A faithful, word-for-word transcription of all the data is what is needed.

Data to process: Begin

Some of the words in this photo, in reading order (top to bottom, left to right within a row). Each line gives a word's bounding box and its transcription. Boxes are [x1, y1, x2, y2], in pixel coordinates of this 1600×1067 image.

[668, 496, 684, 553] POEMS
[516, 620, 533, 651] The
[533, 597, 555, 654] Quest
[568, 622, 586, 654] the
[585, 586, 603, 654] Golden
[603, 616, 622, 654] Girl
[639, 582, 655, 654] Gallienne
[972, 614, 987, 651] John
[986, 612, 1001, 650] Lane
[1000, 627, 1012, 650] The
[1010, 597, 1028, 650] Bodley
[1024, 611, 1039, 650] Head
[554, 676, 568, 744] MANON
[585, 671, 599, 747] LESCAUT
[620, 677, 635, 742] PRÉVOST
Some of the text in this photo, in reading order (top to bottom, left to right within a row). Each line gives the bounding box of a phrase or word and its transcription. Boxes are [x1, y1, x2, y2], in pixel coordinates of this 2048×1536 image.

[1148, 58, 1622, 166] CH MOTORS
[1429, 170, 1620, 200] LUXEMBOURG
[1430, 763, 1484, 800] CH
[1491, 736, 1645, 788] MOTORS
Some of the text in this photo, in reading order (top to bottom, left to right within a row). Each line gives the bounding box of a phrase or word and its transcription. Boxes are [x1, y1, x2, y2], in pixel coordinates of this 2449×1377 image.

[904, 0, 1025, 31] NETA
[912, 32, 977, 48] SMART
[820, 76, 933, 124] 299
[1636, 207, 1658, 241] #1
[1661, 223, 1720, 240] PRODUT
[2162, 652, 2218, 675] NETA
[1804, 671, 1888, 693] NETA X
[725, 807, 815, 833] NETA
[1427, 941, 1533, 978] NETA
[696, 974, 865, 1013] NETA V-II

Data to process: End

### Your solution
Some of the words in this photo, in reading order (top to bottom, left to right within a row). Each line gives a word's bounding box and its transcription. Boxes are [x1, y1, x2, y2], in pixel coordinates of this 1600×1067 image.

[668, 496, 684, 553] POEMS
[516, 620, 533, 651] The
[533, 597, 555, 654] Quest
[568, 622, 586, 654] the
[585, 586, 603, 654] Golden
[603, 616, 622, 654] Girl
[639, 582, 655, 654] Gallienne
[972, 614, 987, 651] John
[986, 612, 1001, 650] Lane
[1000, 627, 1012, 650] The
[1010, 597, 1028, 650] Bodley
[1024, 611, 1039, 650] Head
[554, 676, 568, 744] MANON
[585, 671, 599, 747] LESCAUT
[620, 677, 635, 742] PRÉVOST
Some of the text in this photo, in reading order (top to bottom, left to right within a row). Each line gives the bounding box of a phrase or word and its transcription. Boxes are [x1, y1, x2, y2], in pixel coordinates of this 2048×1536 image.

[1148, 58, 1622, 166] CH MOTORS
[1429, 170, 1620, 200] LUXEMBOURG
[1430, 763, 1484, 800] CH
[1491, 736, 1645, 788] MOTORS
Some of the text in this photo, in reading order (top to bottom, left to right within a row). Each line gives the bounding box of a phrase or word and its transcription. Boxes are [x1, y1, x2, y2], in pixel coordinates of this 2449×1377 image.

[904, 0, 1025, 31] NETA
[912, 32, 977, 48] SMART
[820, 76, 933, 124] 299
[1636, 207, 1658, 241] #1
[1661, 223, 1720, 240] PRODUT
[2162, 652, 2218, 675] NETA
[1804, 671, 1888, 693] NETA X
[725, 807, 815, 833] NETA
[1427, 941, 1533, 978] NETA
[696, 974, 865, 1013] NETA V-II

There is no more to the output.